6 Tips to Create Healthy Eating Habits That Help You Feel Your Best

Woman eating dinner

Verywell / Jiaqi Zhou

If you asked 10 people to define "healthy eating," you'd receive 10 different answers. While many of those answers may contain some truth, navigating what healthy eating means for you takes time, intuition, and many times, a game plan.

To begin, understand that "healthy" is often used as a catch-all phrase, intended to steer you toward products that may or may not actually help you achieve sustainable health. When you're looking for habits, tips, and ingredients to help you feel your best, get more specific—what vitamins, nutrients, and flavors do you want to add to your weekly meal plan? Those granular questions can provide a more clear focus than "healthy" sometimes does.

If you're looking to commit to an eating style that's focused on helping you feel your best, it's worth brainstorming some strategies that encourage certain habits to stick. Remember, eating should not feel restrictive or complicated. You can eat all of the foods you love while adding a variety of nutritious foods that fuel you and support the optimal functioning of your body.

Focus On the Positive

When you want to implement eating habits that work toward sustainable health, not a temporary "diet," it's essential to focus on the positive.

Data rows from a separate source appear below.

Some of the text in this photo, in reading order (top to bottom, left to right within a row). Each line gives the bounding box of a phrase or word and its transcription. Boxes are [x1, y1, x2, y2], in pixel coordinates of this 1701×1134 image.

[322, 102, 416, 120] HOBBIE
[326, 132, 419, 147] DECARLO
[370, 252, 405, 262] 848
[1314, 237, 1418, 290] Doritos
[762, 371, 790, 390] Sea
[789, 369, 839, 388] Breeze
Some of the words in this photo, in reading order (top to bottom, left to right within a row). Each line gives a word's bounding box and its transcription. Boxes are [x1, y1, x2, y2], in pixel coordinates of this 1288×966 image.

People sometimes get caught up in what they cannot have now that they are eating "better." This mindset makes you feel that you're restricting yourself, which may lead to abandoning your new eating habits altogether.

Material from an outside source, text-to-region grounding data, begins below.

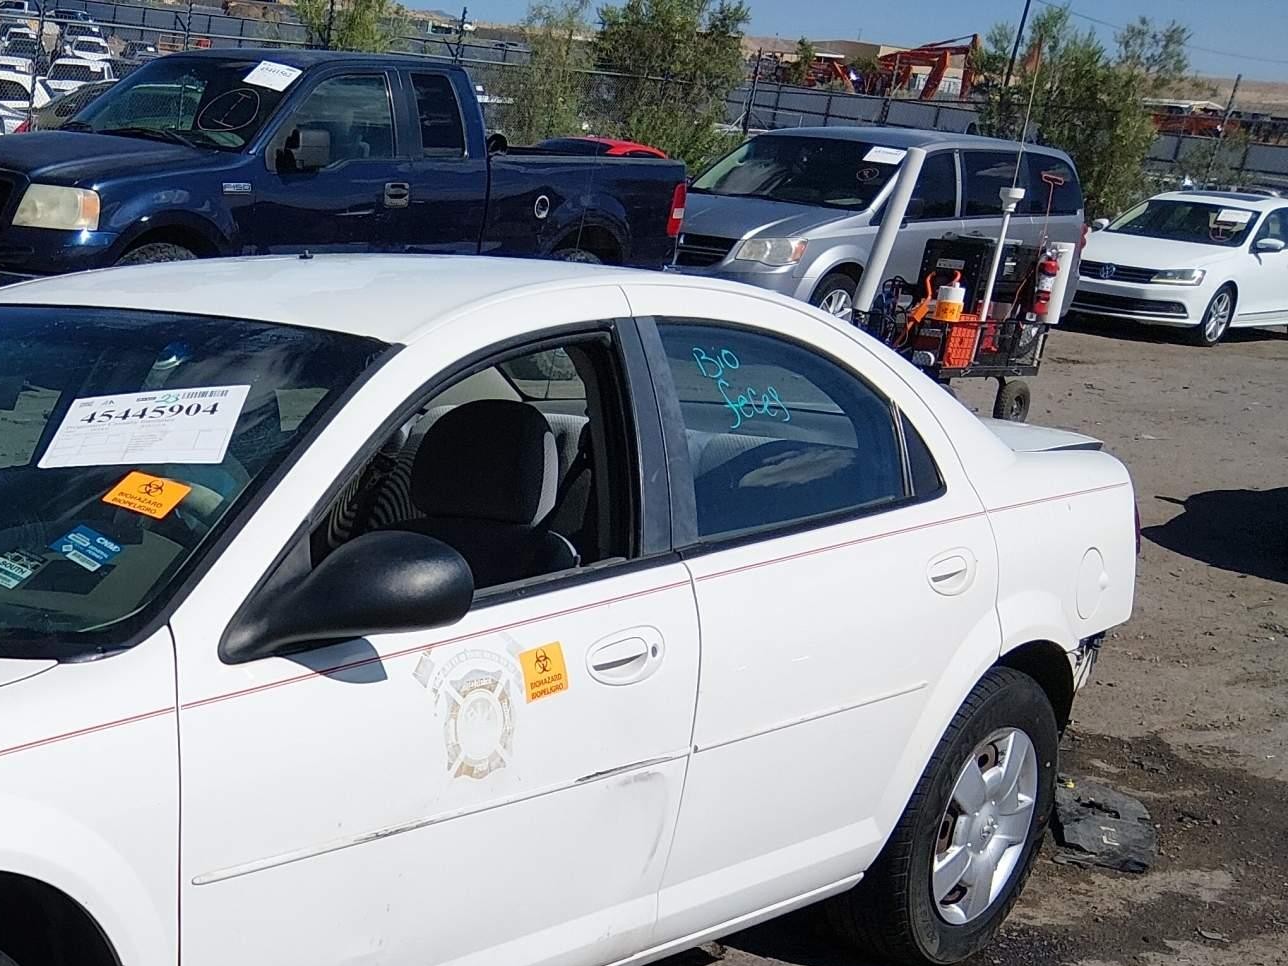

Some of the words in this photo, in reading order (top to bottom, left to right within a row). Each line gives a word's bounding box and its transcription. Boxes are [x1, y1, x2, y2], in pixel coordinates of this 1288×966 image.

[80, 402, 219, 424] 45445904
[111, 497, 158, 515] BIOPELIGRO
[117, 491, 164, 509] BIOHAZARD
[0, 560, 28, 576] SOUTH
[529, 673, 562, 690] BIOHAZARD
[530, 682, 564, 700] BIOPELIGRO

Instead, try focusing on what you're adding to your menu, rather than what you feel you should avoid. For instance, try adding a new vegetable or fruit each week. Plan a meal with a new-to-you or rarely-eaten nutritious ingredient and experiment with new recipes.

Another example is to focus on adding more—such as increasing your water intake, eating more fruit, vegetables, whole grains, lean protein, and dairy. You don't have to eliminate any of your favorite foods; simply focus on adding more nutrient-dense ingredients at each meal.

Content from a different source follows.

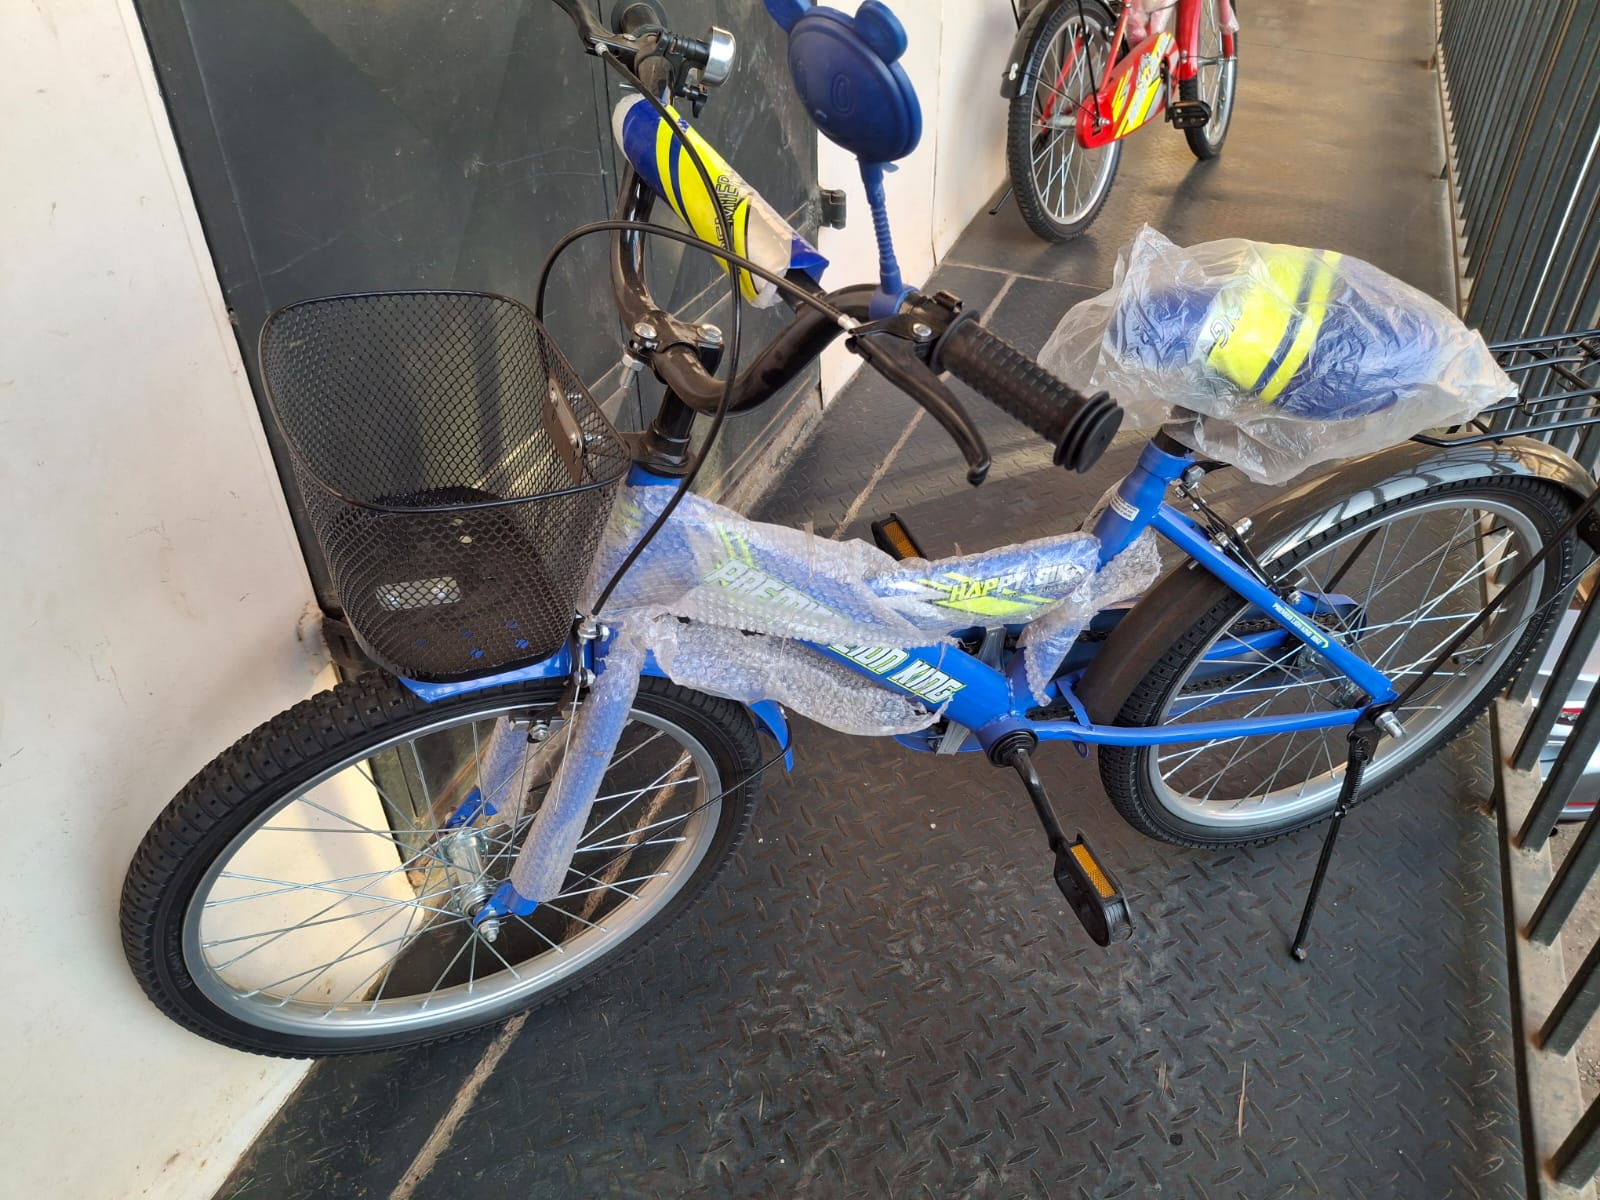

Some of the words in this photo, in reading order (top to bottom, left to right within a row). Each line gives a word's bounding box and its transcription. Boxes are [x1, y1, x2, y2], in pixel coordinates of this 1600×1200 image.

Instead of self-talk that focuses on what you "shouldn't" have, the main objective of your eating choices is to increase your consumption of foods (and water!) that make you feel more energized, vibrant, and excited about meals.

Ditch the Labels

Similarly, ditching the labels that you and society at large may have put on ingredients ,such as "good" or "bad," can relieve anxiety associated with making new choices regarding food.

Knowing that all foods are acceptable in moderation and that if you are craving a piece of chocolate cake, for example, you can enjoy it without guilt as part of an overall nutritious diet, helps create more balance in your approach to healthy eating.

Labeling food as good or bad is an inherent part of diet culture—the pervasive belief that food is transactional and can be earned with strict eating behaviors or exercise.

Labeling food as good or bad often extends to labeling yourself as good or bad depending on whether or not you resisted the foods deemed off-limits. This way of viewing food and yourself is unhealthy and can lead to more significant food and body image issues.

Food is cultural, social, and pleasurable. Avoid a mindset that makes you believe you have to restrict foods you love in order to be considered healthy. There's room for all foods in a healthy diet.

Fuel Up on Nutrients

Choosing to create eating habits that make you feel good doesn't have to be complicated. Fad diets and restrictive eating patterns are not necessary! Instead, focus on getting enough nutrients so you can feel your best. Nutrients include:

Macronutrients are carbs, proteins, and fats and are the overarching building blocks of all foods. Each is necessary for fueling your body, repairing structures, regulating and producing hormones, transporting and absorbing micronutrients, and more.

Micronutrients are vitamins and minerals which each play a role in your body. Phytonutrients are chemical compounds that provide a wide range of health benefits to your body and are obtained by eating plenty of plant-based foods. These compounds include flavonoids, phytochemicals, flavones, isoflavones, catechins, and anthocyanidins.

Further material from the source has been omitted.